Yet we come anyway, jouncing eight at a time down the class V rapids of the fabled Bio-bio, hurling ourselves down black-diamond ski slopes with the pitch of a mansard roof, immersing our precious hides in the Pacific Ocean hoping to see a shark before it sees us. “Adventure travel,” a loose designation more or less coterminous with “gentlemen not expected to shave,” has grown in 20 years from a statistical footnote to an $8 billion business, perhaps as much as a fifth of the U.S. leisure-travel market. Nature stands at the intersection of practically every fashionable trend in American society-fitness, environmentalism, multiculturalism, Western wear and, of course, affluence. Deluded by the readouts on their stationary bicycles (Holy cow, 28,650 kilogram-meters!), people want to show what they can do against the Matterhorn; sales of mountain bikes went from 500,000 a decade ago to almost 7 million last year.
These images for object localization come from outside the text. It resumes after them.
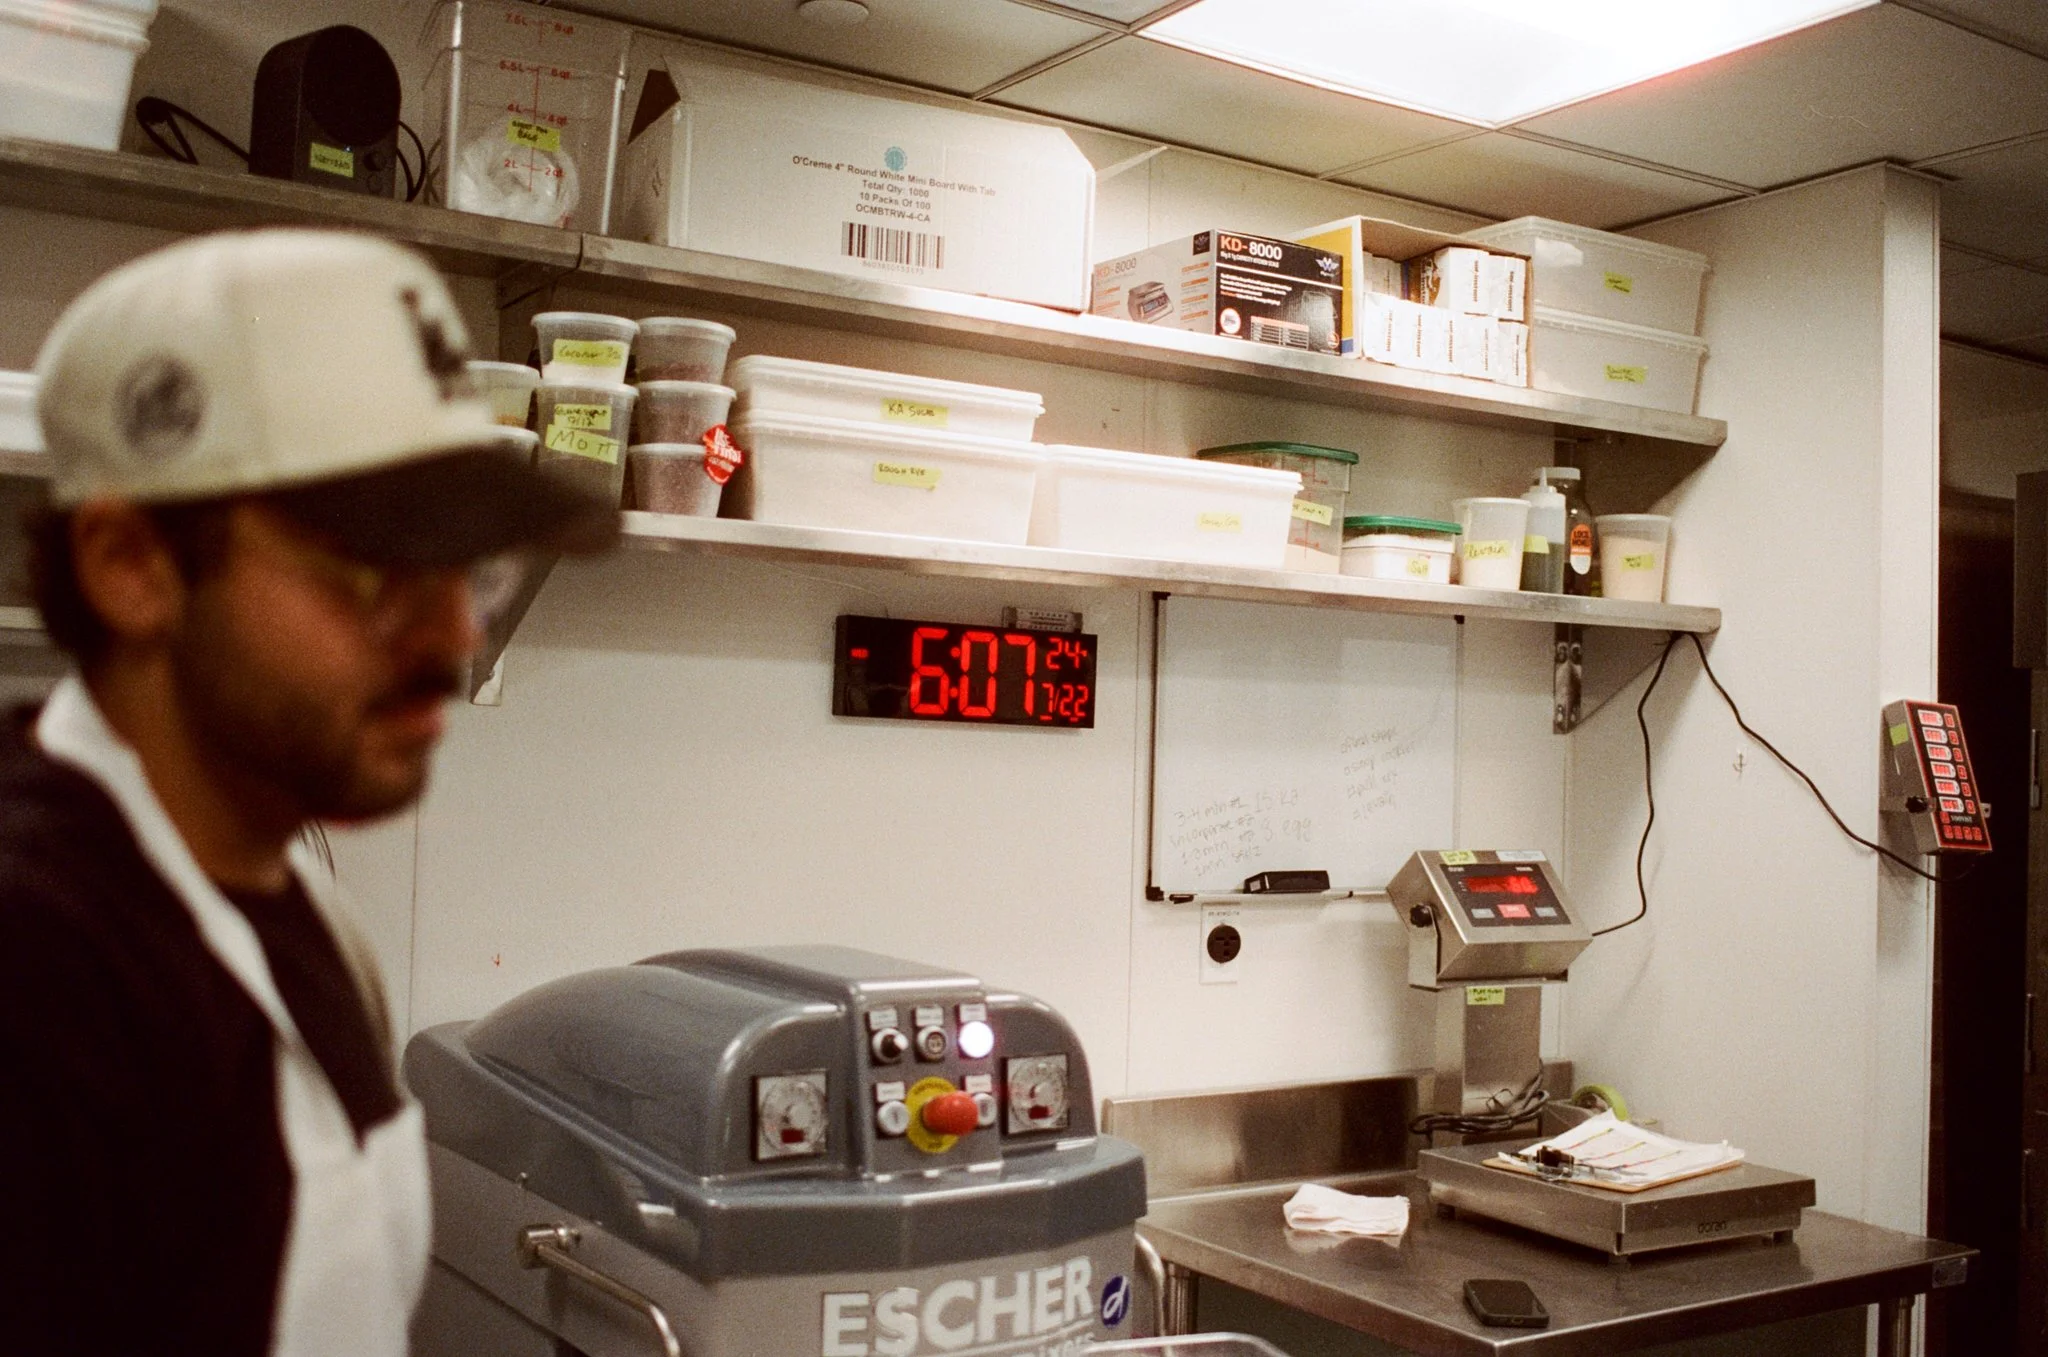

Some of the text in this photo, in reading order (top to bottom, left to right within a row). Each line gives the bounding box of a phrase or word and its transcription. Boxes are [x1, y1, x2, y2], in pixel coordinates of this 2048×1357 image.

[792, 154, 833, 170] O'Creme
[847, 165, 877, 178] Round
[879, 170, 905, 182] White
[908, 174, 926, 185] Mini
[929, 178, 956, 190] Board
[957, 183, 977, 194] With
[979, 186, 996, 197] Tab
[862, 180, 885, 191] Total
[908, 187, 930, 198] 1000
[860, 192, 931, 211] 10 Packs Of 100
[909, 627, 1035, 718] 6:07
[821, 1256, 1094, 1357] ESCHER
Or they pit themselves against the mighty Colorado; more than 22,000 people a year float through the Grand Canyon, 100 times as many as in 1960. To put this into perspective, on average more than 22,000 people a day visit Disneyland.

Adventure travel has the snob appeal of all serious pastimes. You have to really want to see the red-rock desert of southern Utah to traverse it on a mountain bike, a mode of transportation that combines the strenuousness of continuous push-ups with the comfort of failing down a flight of steps in a shopping cart. The Middle Fork of the Salmon River in Idaho winds 100 miles through cool forests of ponderosa pine and desert canyons of rock and sagebrush, rumbling over boulders the size of Volkswagens, but it takes six days to do it; you could cruise the whole Caribbean in that time. People who join the Cambridge, Mass.-based Overseas Adventure Travel for a monthlong trek up the 20,000-foot Island Peak in Nepal, including a stop at the famous Tengboche monastery “where countless Everest expeditions have received the blessings of the reincarnate Rinpoche,” probably aren’t the same ones who drive their RVs to Graceland.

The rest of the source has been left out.